Bistrots modernes et livres de recettes, le renouveau de la gastronomie palestinienne

  • Les établissements palestiniens branchés ont récemment essaimé, autant à l'intérieur de la Vieille Ville que dans le quartier palestinien de Sheikh Jarrah ou encore jusqu'à Ramallah en Cisjordanie
  • Chef palestinien renommé installé à Londres depuis plus de 20 ans, Sami Tamimi se rappelle qu'«il y a 10 ans, si vous alliez voir un éditeur pour publier un livre de recettes palestiniennes, il répondait "mais qui va l'acheter?"»

JERUSALEM: Depuis les ruelles millénaires de la Vieille Ville de Jérusalem jusqu'aux cuisines d'établissements branchés à l'étranger, un vent de renouveau souffle sur la gastronomie palestinienne qui reste attachée à ses traditions ancestrales et rencontre un franc succès.

Dès la porte d'entrée de "Taboun", les effluves du pain cuit dans le four traditionnel en terre cuite chatouillent les narines des gourmets, qui se pressent dans le bistrot du quartier chrétien de la Vieille Ville.

Au menu: des foccaccias italiennes mais surtout des mets locaux, aubergines généreusement recouvertes de tahini (crème de sésame) et de grenade, manoushé au zaatar (pain plat recouvert d'un mélange d'épices au thym) et pizzas arméniennes au boeuf haché, le lahmajoun, des plats locaux typiques et populaires qui s'arrachent aujourd'hui comme des petits pains, souligne Nassar Odeh, interrogé par l'AFP en juillet et propriétaire de l'établissement.

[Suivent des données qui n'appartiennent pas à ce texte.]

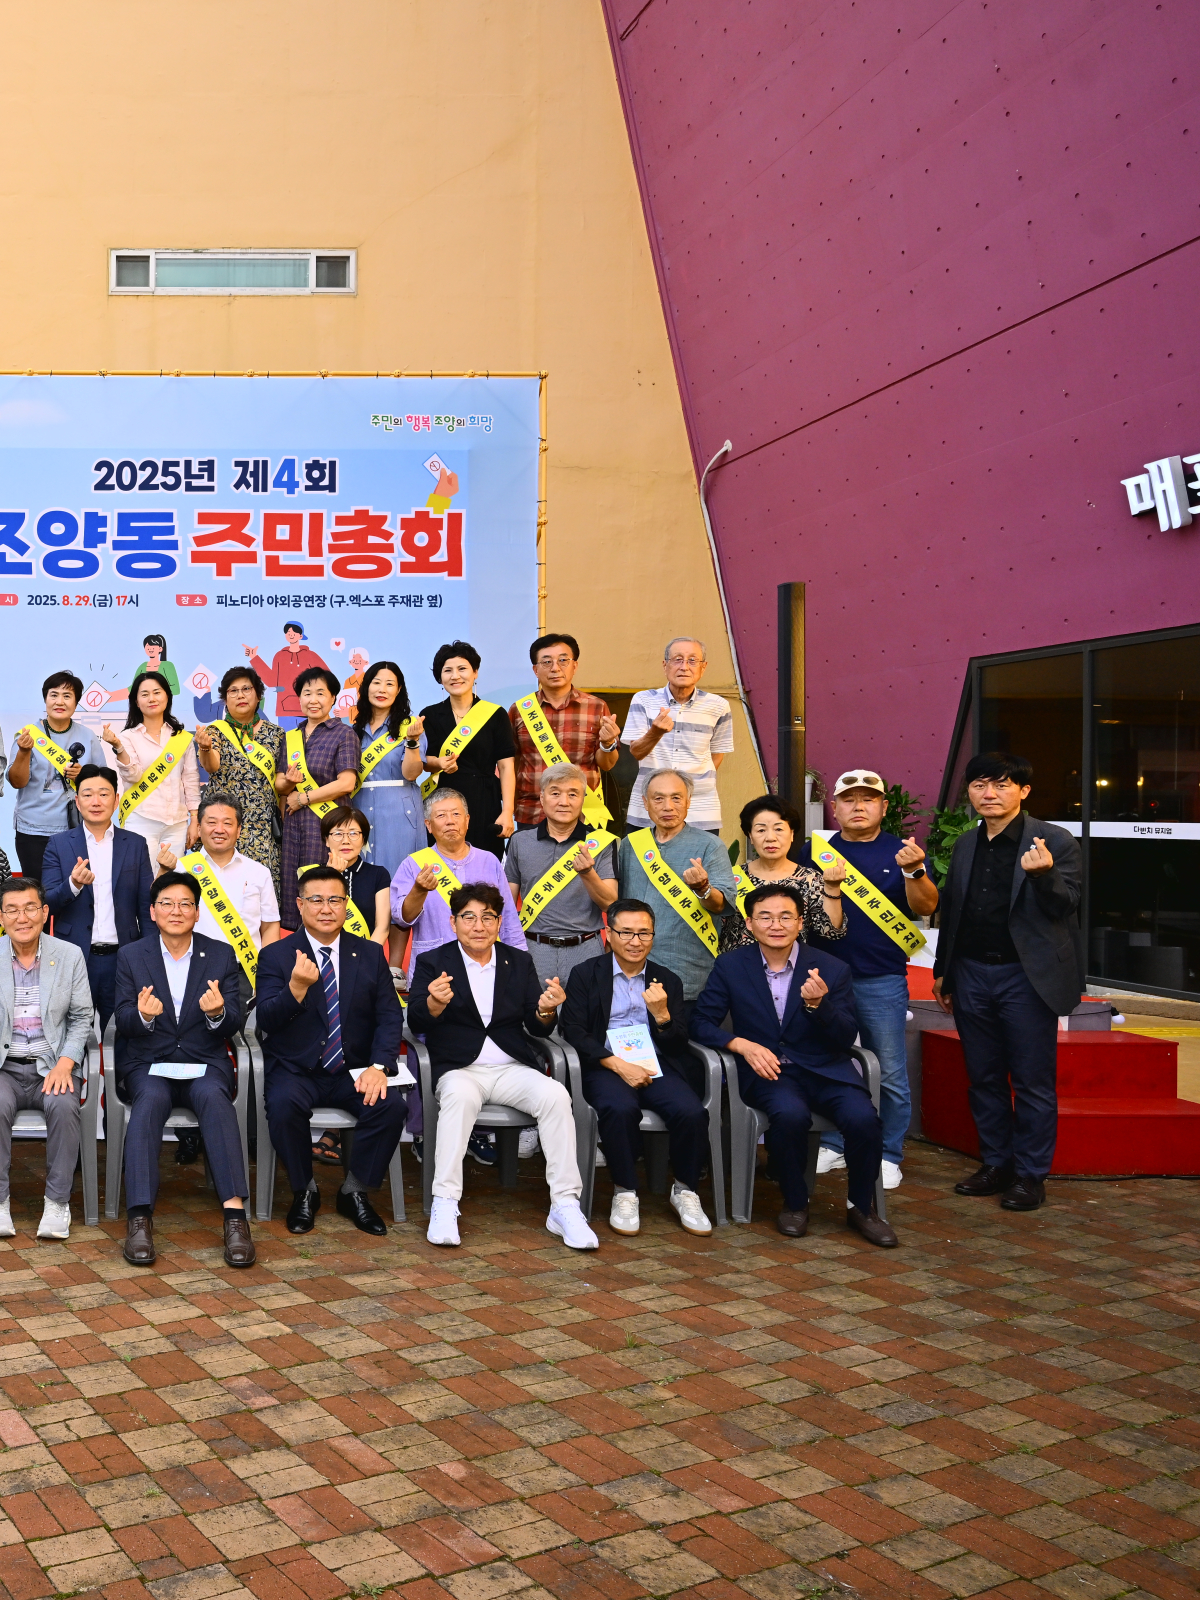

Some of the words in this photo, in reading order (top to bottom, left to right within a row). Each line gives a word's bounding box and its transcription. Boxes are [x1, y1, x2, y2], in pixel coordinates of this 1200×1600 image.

[371, 414, 402, 431] 주민의
[405, 414, 430, 431] 행복
[434, 415, 465, 432] 조양의
[468, 415, 492, 432] 희망
[93, 458, 216, 493] 2025년
[232, 457, 338, 495] 제4회
[189, 507, 464, 580] 주민총회
[115, 593, 139, 607] 17시
[216, 594, 264, 608] 피노디아
[266, 594, 327, 608] 야외공연장
[388, 594, 424, 608] 주재관
[427, 593, 443, 609] 옆)
[842, 872, 920, 950] 양동주민자치회

La scène culinaire locale est en train de "changer pour le mieux", estime-t-il. "De nombreux Palestiniens sont désireux de promouvoir leur cuisine", loin des gargotes de la Vieille Ville souvent spécialisées dans un seul type de plat, ici des falafels, là des sandwichs shawarma.

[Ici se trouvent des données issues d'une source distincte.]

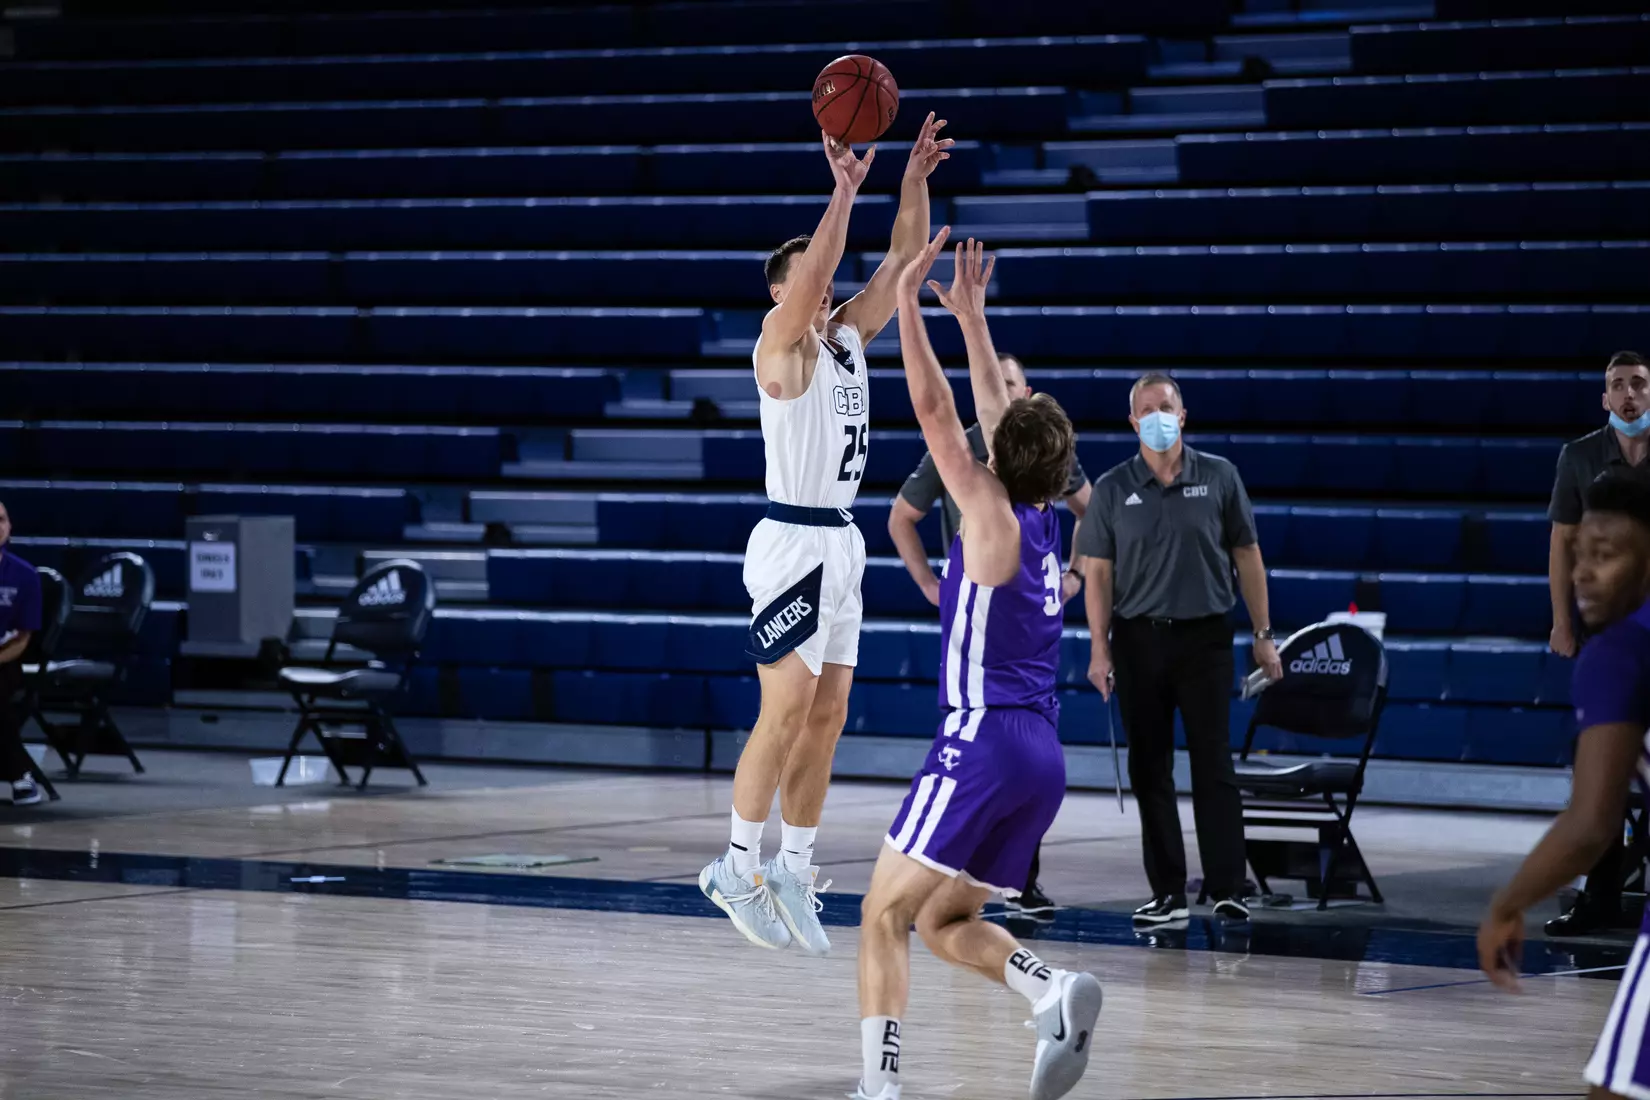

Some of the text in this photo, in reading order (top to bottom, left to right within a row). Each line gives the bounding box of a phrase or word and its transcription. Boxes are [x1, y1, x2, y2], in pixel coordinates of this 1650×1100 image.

En ouvrant "Taboun" l'an passé dans ce qui était la boutique familiale de souvenirs, M. Odeh ambitionnait de mettre en avant les produits palestiniens. Dans ce restaurant à la décoration moderne et avec un bar aux pierres apparentes sont proposés des vins et bières en provenance de Cisjordanie occupée.

"C'est extrêmement important car cela met l'accent sur la présence palestinienne et l'entrepreneuriat. Nous devons être fiers de nos produits", affirme-t-il.

Tomates gazaouies 

Pour Dalia Dahdoub, manager de "Taboun" et propriétaire de bars à Bethléem et Jéricho, il s'agit aussi de cuisiner "davantage des produits que les gens ne connaissent pas", en provenance de zones locales.

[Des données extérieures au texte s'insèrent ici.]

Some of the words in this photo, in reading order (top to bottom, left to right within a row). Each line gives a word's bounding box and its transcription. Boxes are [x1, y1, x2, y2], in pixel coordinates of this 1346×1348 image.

Ainsi sa carte sera bientôt enrichie d'aubergines provenant des terrasses de Battir près de Bethléem, site inscrit au patrimoine mondial de l'Unesco, et de tomates venant de Gaza, enclave sous blocus israélien d'où sont autorisés à sortir quelques produits agricoles.

"Lorsqu'elles viennent de Gaza, elles sont réellement rouges et elles ont meilleur goût", explique Mme Dabdoub.

Les établissements palestiniens branchés ont récemment essaimé, autant à l'intérieur de la Vieille Ville que dans le quartier palestinien de Sheikh Jarrah, dans le secteur oriental occupé et annexé par Israël, ou encore jusqu'à Ramallah en Cisjordanie.

"C'est un super départ, nous n'en sommes qu'au début", s'enthousiasme Izzeldin Bukhari, qui organise des cours de cuisine et des visites guidées sur la gastronomie locale.

"Tout le monde faisait quasiment la même chose mais récemment je vois des gens lancer de nouvelles idées", dit-il à l'AFP.

«Falastin»

Chef palestinien renommé installé à Londres depuis plus de 20 ans, Sami Tamimi se rappelle qu'"il y a 10 ans, si vous alliez voir un éditeur pour publier un livre de recettes palestiniennes, il répondait +mais qui va l'acheter?+".

Aujourd'hui, les livres se comptent par dizaines. En 2020, il a signé avec Tara Wigley "Falastin" (Palestine en arabe), grandement inspiré de ses souvenirs culinaires, lui qui est imbattable lorsqu'il s'agit de vanter l'exquisité des feuilles de vigne et des choux-fleurs frits glissés dans du pain, son encas lorsqu'il était écolier.

A Londres, il a plusieurs restaurants chics avec son associé, le chef israélien Yotam Ottolenghi.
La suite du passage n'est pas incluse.